Zero-day exploits are security vulnerabilities found by hackers in software and systems.

Schmidt, who was Google’s CEO from 2001 to 2011, did not have a clear vision of how AI should be regulated, but said it is a “broader issue for society.” However, he said a new regulatory agency dedicated to regulating AI is unlikely to be established in the US.

Schmidt is not the first major tech figure to warn of the risks of AI.

Sam Altman, CEO of OpenAI that developed ChatGPT, admitted in March that he is “a little scared” of artificial intelligence. He said that he is concerned that authoritarian governments develop the technology,

Tesla CEO Elon Musk has said in the past that he believes AI poses one of the “biggest risks” to civilization.

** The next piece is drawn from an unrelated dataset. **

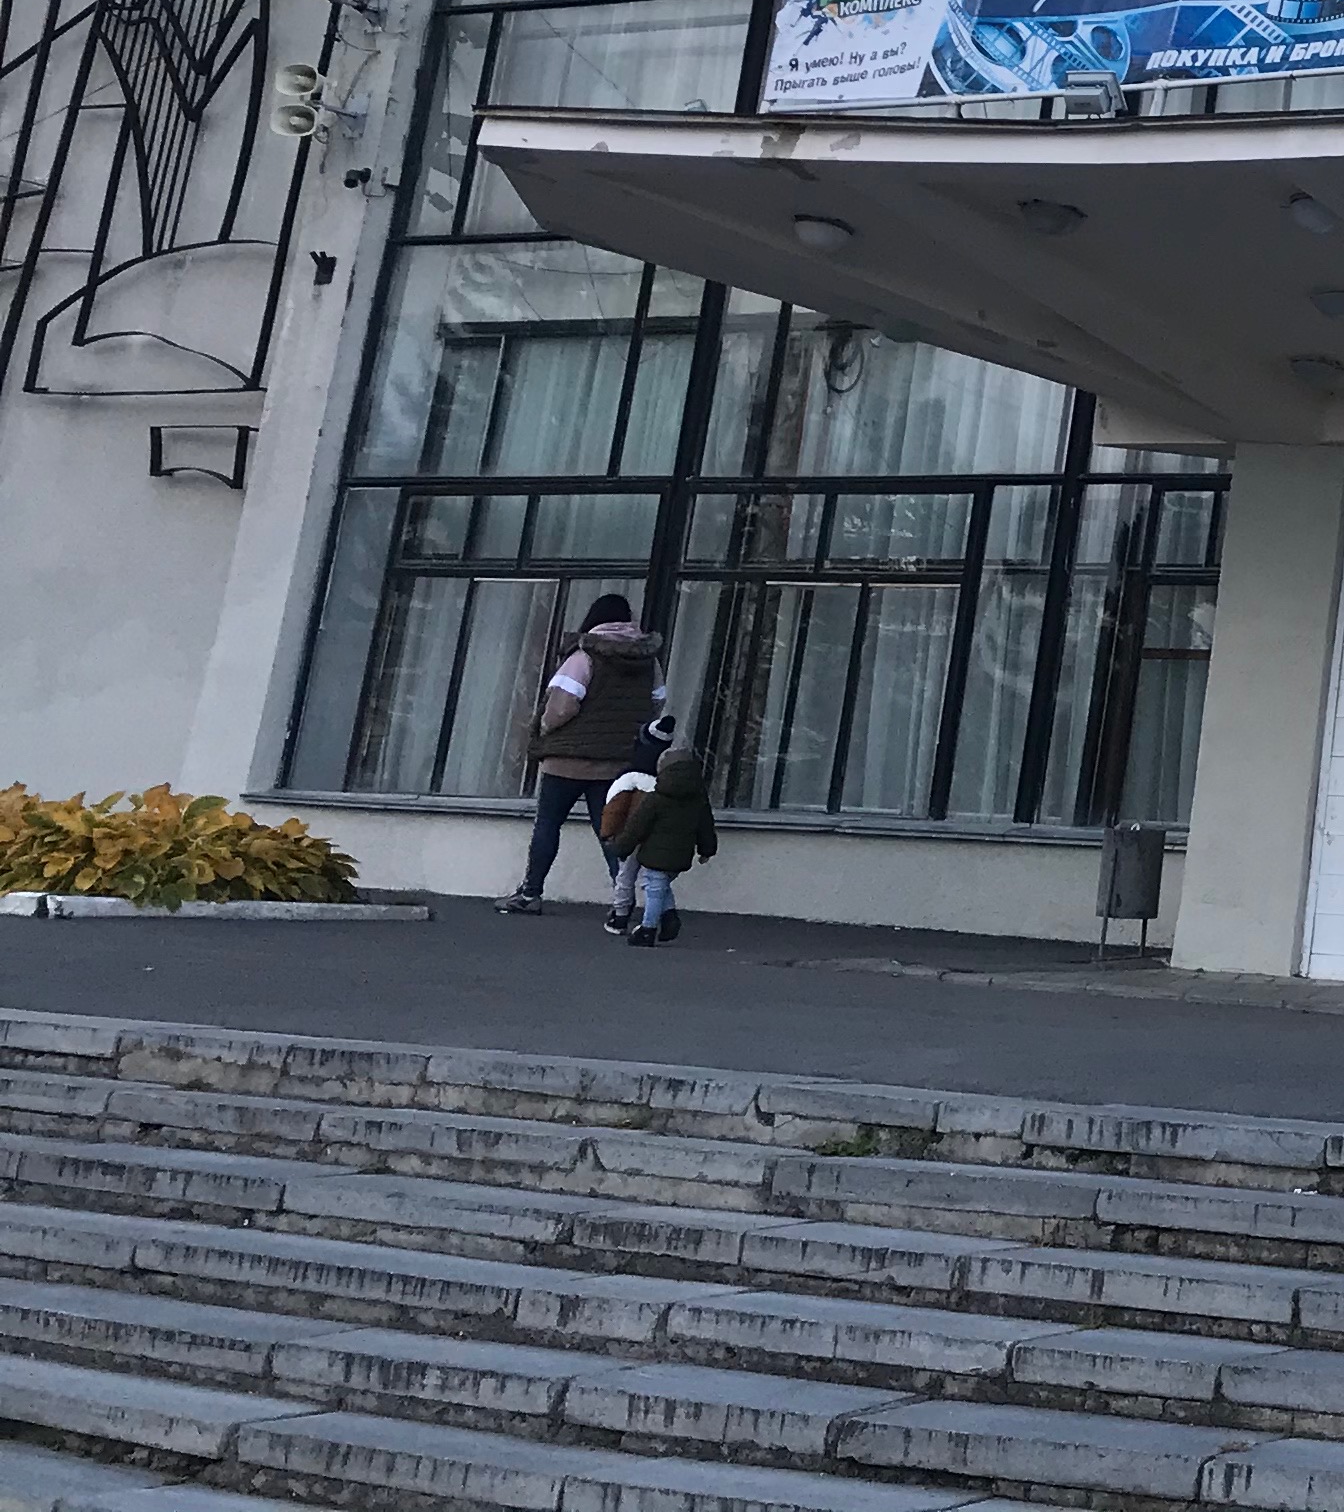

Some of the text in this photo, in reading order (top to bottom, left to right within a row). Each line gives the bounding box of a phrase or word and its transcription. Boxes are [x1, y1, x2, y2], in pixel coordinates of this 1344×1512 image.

Even the current Google and Alphabet CEO Sundar Pichai, who recently oversaw the company’s launch of its own chatbot called Bard AI, said the technology “will affect all products across all companies,” adding that society must prepare for the changes.

Schmidt was part of the US Homeland Security Commission on AI, which in 2019 began a review of the technology, including a potential regulatory framework. The commission published its review in 2021, warning that the US was not ready for the AI ​​era.